Zu den innenräumlichen Höhepunkten gehören die Rundungen der Raumecken von Eingangshalle und Foyer sowie der Treppen und der Einbauten für Kasse und Wäscheausgabe, ferner die Pilzstützen im Foyer und in den Untergeschossen – das Markenzeichen ihres Erfinders Robert Maillart, der die Betonkonstruktion entworfen und bis zu seinem Tod 1940 betreut hatte. Das Highlight aber war und ist heute wieder das von Stahlfachwerkträgern getragene Glasfaltdach über dem Schwimmerbassin.

Referenzen in Berlin, Haarlem und Zürich

Formal schloss Hermann Herter an das kubische Hallenbadprojekt von Otto Gschwind mit den hohen Rechteckfenstern an, befreite es aber von jeglichem klassizistischen Aufbau und Bauschmuck und öffnete die Bauhülle deutlich mehr. Unterdessen hatte sich das Neue Bauen in Zürich etabliert, dessen Ideengut und Formensprache Herter behutsam in seine zahlreichen städtischen Bauprojekte integrierte. Am deutlichsten geschah dies beim Hallenbad: Die Verglasung des Eingangsvorbaus ist dynamisch abgerundet, weite Fassadenbereiche sind in grossflächige, aussen liegende Glasflächen aufgelöst, und mittels Hebeschiebefenstern liess sich der Innenraum mit dem Aussenbereich verbinden. Ebenfalls programmatisch modern gestaltete Hermann Herter 1939, also zeitgleich mit dem Hallenbad, das Strandbad Wollishofen in einem funktionsgeleiteten Aufbau und mit Motiven wie Rundung und Pilzstütze.

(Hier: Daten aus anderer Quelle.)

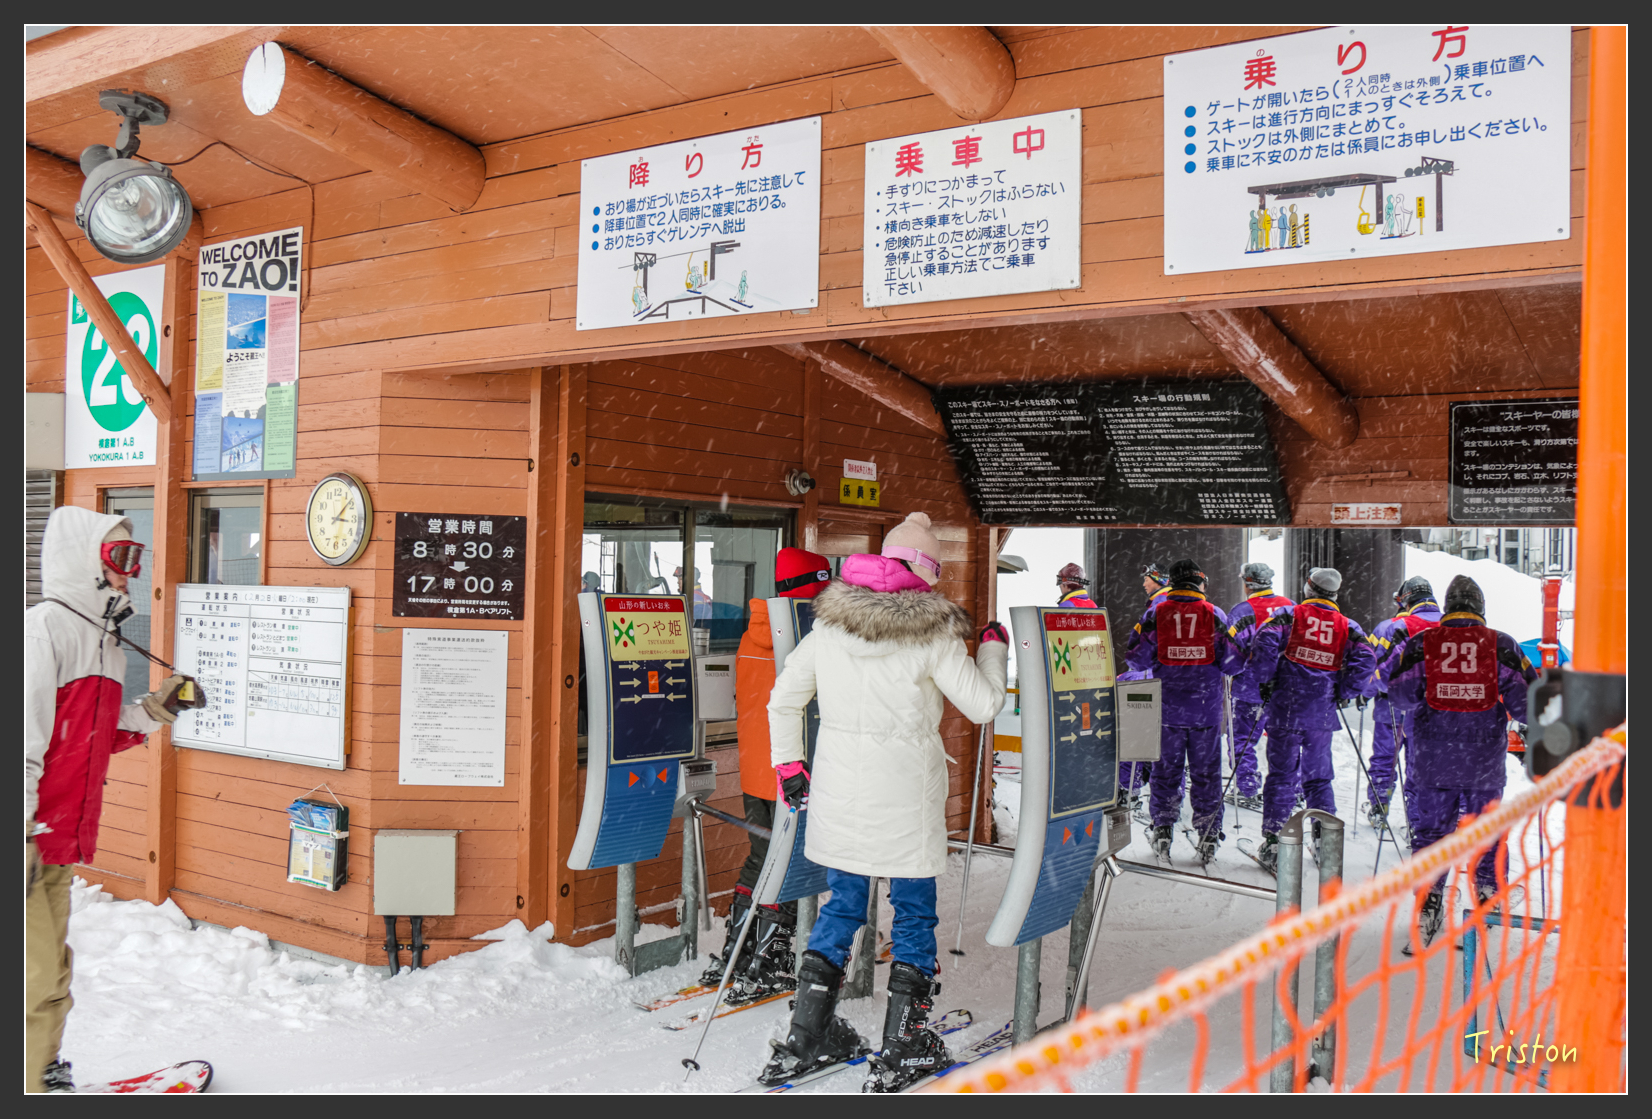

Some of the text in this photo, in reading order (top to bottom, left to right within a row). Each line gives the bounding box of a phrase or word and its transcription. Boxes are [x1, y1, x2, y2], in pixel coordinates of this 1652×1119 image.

Selbstverständlich hatte sich Herter nach anderen Hallenbädern umgesehen. Verblüffende Ähnlichkeiten zeigt der Zürcher Bau mit dem Stadtbad Berlin-Mitte, 1929/30 von Carlo Jelkmann und Heinrich Tessenow erbaut, und dem Hallenbad im niederländischen Haarlem, errichtet 1933/34 von Johannes Bernardus van Loghem. In Berlin wird die Schwimmhalle an drei Seiten durch hohe Fenster belichtet und hat eine gerasterte flache Glasdecke. Hochschiebefenster lassen sich zur Tribüne hin öffnen. In Haarlem war es der Bezug zwischen Schwimmhalle und Terrasse, den riesige Schiebefenster gewährleisteten.[3] Für das Glasoberlicht existierte ein direktes Vorbild auch in Zürich: Der grosse Saal in der Alten Börse beim Paradeplatz, 1929/30 von Henauer & Witschi errichtet, war ebenfalls mit einer Glasdecke ausgestattet, die – aus akustischen Gründen – auch dort als Faltdach ausgebildet worden war.

Radikales Update 1980

Nach einer Benutzungsdauer von wiederum zwei Generationen wurde wegen überalterter betriebstechnischer Anlagen eine Sanierung eingeleitet, die 1978–1980 zu einem eigentlichen Umbau geriet. Das Architekturbüro Bollinger Hönger Dubach, das 1970–1973 das Hallenbad Altstetten ausgeführt hatte, beabsichtigte «unter Wahrung der vorhandenen Bausubstanz eine attraktive Neuanlage zu schaffen».[4] Demgegenüber geriet der Eingriff, den die Architekten aus energietechnischen Gründen vornehmen mussten, dann doch einschneidend: Um die Installationen zur neu geforderten Wärmerückgewinnung unterzubringen, zogen sie eine untergehängte Decke mit darunter angebrachten sichtbaren Abluftrohren ein (Abb. 06). Diese leiteten die warme Luft mitten durch das Foyer und die Eingangshalle ab. Ausserdem bauten sie ein Nichtschwimmerbecken auf Kosten eines Teils der Garderoben ein. Damit verunklärten sie die von Herter definierte Trennung der Funktionen – Schwimmbereich in der Halle und Servicezone im Umkleidetrakt. In dessen Erdgeschoss integrierten sie ein Restaurant und verlegten die nun automatische Kasse sowie die Lingerie ins Obergeschoss, auf das auch die Garderoben konzentriert wurden. Am Äusseren wirkten sich diese drastischen Eingriffe vor allem durch die grösseren Fenster im Erdgeschoss der Eingangsfassade und die Vergrösserung des Sockelvorbaus gegen den Schanzengraben hin aus. Zur Unterscheidung von den übrigen Hallenbädern wurde schliesslich die Beschriftung über dem Eingang in «Hallenbad City» geändert.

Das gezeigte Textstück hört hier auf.